The fast growth of abnormal blood cells is a characteristic of leukemia, a blood cancer. Your bone marrow, which produces the majority of your body's blood, is where this unchecked growth occurs. Typically, leukemia cells are immature white blood cells that are still forming. The Greek words for "white" (leukos) and "blood" (haima) are the origin of the word leukemia. Leukemia typically doesn't develop into a mass (tumor) that appears on imaging tests like X-rays or CT scans, in contrast to other cancers.
Different forms of leukemia exist. While some are more common in adults, others are more common in children. The type of leukemia and other variables determine the course of treatment.
Also Read: Red Blood Cell Functions, Range and Treatment
What is the development of leukemia?
The soft, spongy tissue called bone marrow, which is located inside the cavity of your bones and is where your body makes its blood cells, is where leukemia starts. Before becoming fully developed, blood cells travel through several phases. Normal, mature blood cells consist of:
- Red blood cells: These are the cells that supply all of your body's tissues and organs with oxygen and other essential substances.
- White blood cells: Anti-infection cells.
- Platelets are cells that aid in blood coagulation.
Hematopoietic (hemo = blood, poiesis = make) stem cells are the precursors of these blood cells. The stem cells differentiate into either lymphoid (LIM-foyd) or myeloid (MAI-uh-loyd) cells. The adult forms of blood cells are as follows, if normal development continues:
Red blood cells, platelets, and some forms of white blood cells (neutrophils, eosinophils, and basophils) are all produced by myeloid cells.
Certain white blood cells (lymphocytes and natural killer cells) are produced from lymphoid cells.
On the other hand, one of the growing blood cells starts to grow uncontrollably if you have leukemia. These aberrant cells, known as leukemia cells, start to occupy the interior of your bone marrow. They displace the cells that are attempting to differentiate into healthy platelets, white blood cells, and red blood cells.
What types of leukemia are there?
Leukemia comes in four primary forms and a number of subgroups. Leukemia is categorized by medical professionals according to the rate at which the illness progresses and whether leukemia cells originate from lymphoid or myeloid cells. Leukemia classificationsBased on the type of blood cell involved and the rate of progression, medical professionals categorize leukemia.
By the rate at which the illness develops
Acute leukemia. The condition advances rapidly as the leukemia cells divide quickly. Within weeks of the leukemia cells growing, you will experience nausea if you have acute leukemia. Because acute leukemia is life-threatening, treatment must start right away. The most common type of cancer in children is acute leukemia.

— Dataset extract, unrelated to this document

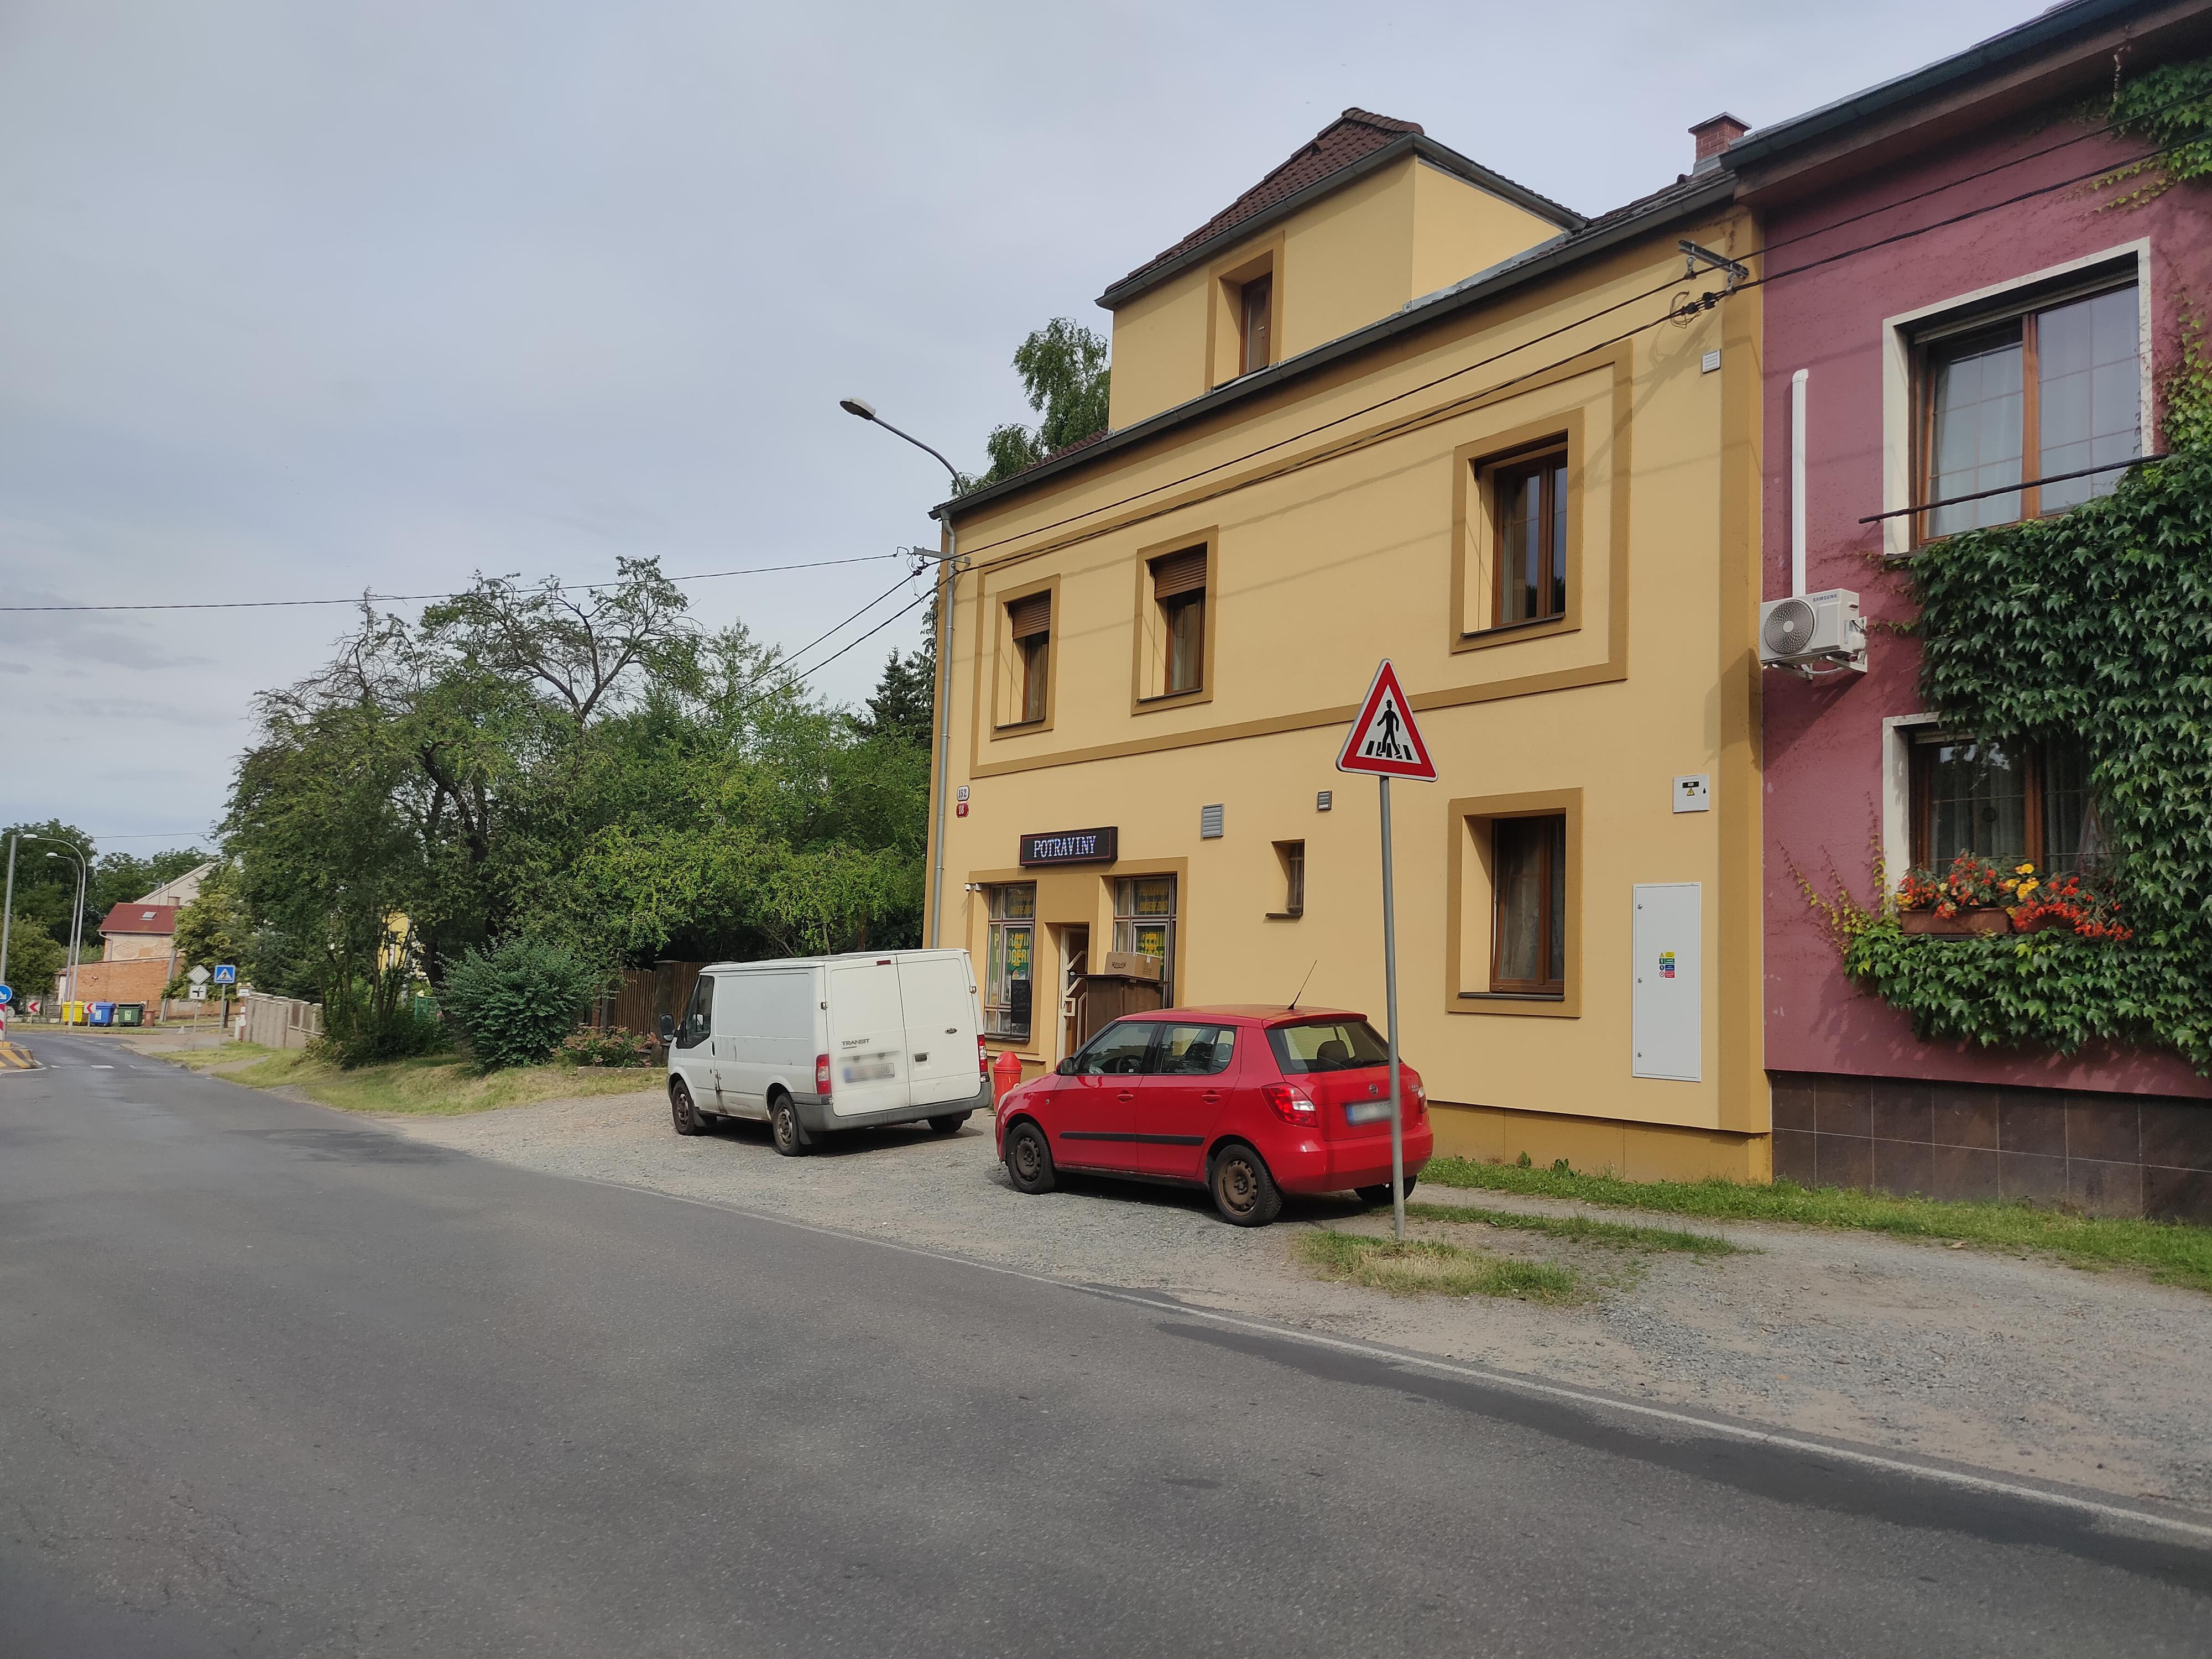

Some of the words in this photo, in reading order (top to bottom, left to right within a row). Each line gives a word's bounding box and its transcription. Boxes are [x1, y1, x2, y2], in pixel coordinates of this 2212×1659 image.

[958, 789, 967, 798] 152
[958, 805, 964, 814] 18
[1034, 836, 1096, 858] POTRAVINY

Chronic leukemia. These leukemia cells frequently exhibit characteristics of both immature and adult blood cells. Though not to the same degree as their typical counterparts, some cells mature to the point where they perform as the cells they were intended to be. In contrast to acute leukemia, the disease usually progresses more slowly. It could be years before you notice any signs if you have persistent leukemia. Adults are more likely than children to develop chronic leukemia.
By cell type
Myeloid cells give rise to myelogenous (mai-uh-lOW-juh-nuhs) or myeloid leukemia. Red blood cells, white blood cells, and platelets are all produced by normal myeloid cells.
Lymphoid cells give rise to lymphocytic leukemia. Your body's immune system relies heavily on white blood cells, which are produced from normal lymphoid cells.
Types of leukemia
there are four types of leukemia
- The most common type of leukemia in children, adolescents, and young adults up to age 39 is acute lymphocytic leukemia (ALL). Adults of any age can be affected by ALL.
- The most common types of acute leukemia in adults are acute myelogenous leukemia (AML). People over 65 are more likely to have it. AML can also affect youngsters.
- The most common type of chronic leukemia in adults is chronic lymphocytic leukemia (CLL), which primarily affects those over 65. With CLL, symptoms could not show up for years.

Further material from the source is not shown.